HAPPY TRAILS: Ancient Bhutan Trail to re-open after 60 years
The Kingdom of Bhutan is set to reopen the historic and sacred Trans Bhutan Trail for the first time in 60 years with Toronto-based G Adventures designated as an official launch partner. Such is the import of the occasion that the King of Bhutan will officially inaugurate the Trail, fulfilling a vision to restore the ancient route for tourism, adventure, and connection, and based on the Kingdom’s core principles of sustainability and sustainable tourism
Spanning 403 km across the country, which is perched in the Himalayas between India and China, the Trail was part of the ancient Silk Road, used by pilgrims, armies, and traders for thousands of years; and until the 1960s, it was the only way to travel across the country.
Official records can be traced to the 16th century when the Trail was the only route between the east and west of the country, connecting fortresses – or Dzongs – deep in the remote eastern Himalayas. It also served as the pilgrimage route for Buddhists in the east to travel to sacred sites in western Bhutan and Tibet, and legendary Garps – trail runners – would travel the trail at great speed by foot with mail and important messages, often making their journeys without food or water.
When construction of a national highway began across Bhutan in the 1960s, the trail’s ancient stairways and footpaths gradually fell into disrepair.
Extensive restoration work began two years ago in preparation for this spring’s opening and last March a team of surveyors began clearing jungles, fording rivers and reconstructing bridges to their former glory, at the same time re-connecting with local communities, which provided hospitality and assistance, even as Bhutan and the world were enveloped in the emerging COVID crisis.
The Bhutan Canada Foundation, the non-profit that led the restoration of the trail, named Toronto-based G Adventures as the first group adventure operator when the trail launches to the public. (Visitors to Bhutan may only do so through a sanctioned tour operator).
Sam Blyth, chair of Foundation and lead donor for the Trans Bhutan Trail, said G Adventures, which has been operating tours in the Himalayan nation for the past decade, was an obvious partner to help relaunch the trail given the company’s long history and success running small group tours and giving back to destinations through its commitment to community tourism.
“As well as providing income opportunities for local people, especially youth, in rural communities, the restoration of the trail is a community-based project designed to preserve an ancient cultural icon and provide a sustainable experience for travellers,” Blyth says.
“Economic benefit will flow directly into the local communities as a result of community tourism, whether via homestays, the purchase of supplies locally for multi-day trips, or the employment of local guides.
“Spanning the world’s only carbon negative country, the Trans Bhutan Trail also reflects the country’s philosophy of ‘Gross National Happiness’ and enables the children of Bhutan to continue to walk in the footsteps of their ancestors. It’s our vision that one day the Trans Bhutan Trail will be considered one of the great walks of the world.”
Starting in May, G Adventures will offer two active trekking itineraries along the route: the 11-day “Camp the Trans Bhutan Trail” trip, which features camping and homestays, and a 12-day “Highlights of the Trans Bhutan Trail” itinerary with accommodation in homestays, locally owned guest houses, and hotels. Both packages include necessary Trail permits.
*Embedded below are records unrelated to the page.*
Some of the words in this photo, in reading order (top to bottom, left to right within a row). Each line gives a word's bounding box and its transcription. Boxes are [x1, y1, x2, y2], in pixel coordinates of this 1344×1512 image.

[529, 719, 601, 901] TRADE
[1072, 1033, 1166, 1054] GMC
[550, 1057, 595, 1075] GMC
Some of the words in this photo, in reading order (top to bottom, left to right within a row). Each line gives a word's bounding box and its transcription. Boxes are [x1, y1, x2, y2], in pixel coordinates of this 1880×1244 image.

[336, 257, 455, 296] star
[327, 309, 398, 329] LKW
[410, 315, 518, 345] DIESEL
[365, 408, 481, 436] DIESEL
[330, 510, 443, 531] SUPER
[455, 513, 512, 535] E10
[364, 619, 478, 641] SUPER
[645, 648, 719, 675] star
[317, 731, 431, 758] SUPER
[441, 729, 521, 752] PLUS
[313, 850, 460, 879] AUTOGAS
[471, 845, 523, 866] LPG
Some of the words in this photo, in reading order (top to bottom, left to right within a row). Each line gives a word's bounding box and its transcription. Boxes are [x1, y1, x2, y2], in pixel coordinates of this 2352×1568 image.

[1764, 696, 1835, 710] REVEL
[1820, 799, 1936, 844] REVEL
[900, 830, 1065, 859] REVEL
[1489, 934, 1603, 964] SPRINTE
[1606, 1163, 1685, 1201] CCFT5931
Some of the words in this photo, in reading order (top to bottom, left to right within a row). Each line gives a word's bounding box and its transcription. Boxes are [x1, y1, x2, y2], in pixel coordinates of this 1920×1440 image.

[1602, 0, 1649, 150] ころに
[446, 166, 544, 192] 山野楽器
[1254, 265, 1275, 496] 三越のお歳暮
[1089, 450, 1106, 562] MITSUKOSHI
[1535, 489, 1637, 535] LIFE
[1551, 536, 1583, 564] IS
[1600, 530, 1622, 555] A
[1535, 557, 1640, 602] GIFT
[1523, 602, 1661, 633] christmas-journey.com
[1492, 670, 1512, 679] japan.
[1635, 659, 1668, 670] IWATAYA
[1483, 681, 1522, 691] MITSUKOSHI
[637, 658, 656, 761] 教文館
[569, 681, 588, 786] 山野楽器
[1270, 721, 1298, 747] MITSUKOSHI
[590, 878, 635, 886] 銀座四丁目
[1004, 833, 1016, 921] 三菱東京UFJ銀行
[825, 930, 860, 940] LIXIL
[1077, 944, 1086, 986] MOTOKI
Company VP Yves Marceau says the tours will focus on trekking specially selected parts of the 403-km route and connecting with local people to learn about Bhutanese life and culture, thus combining active travel and cultural immersion with the benefits of community tourism.
Participants will hike for three to four hours a day through forests and meadows and travel through rural settlements around the Dzongs, and enjoy local meals each night, whether they are camping or staying in homestays, hotels or local guest houses.
“Trails have historically connected remote communities and helped distribute much-needed income to local people as travellers move across the landscape,” Marceau says. “In today’s world, the pandemic has encouraged people to spend more time in nature and now they are looking for similar experiences when they travel.”
It is expected that Bhutan’s borders will reopen to tourism ahead of the Trans Bhutan Trail’s official opening ceremony in March.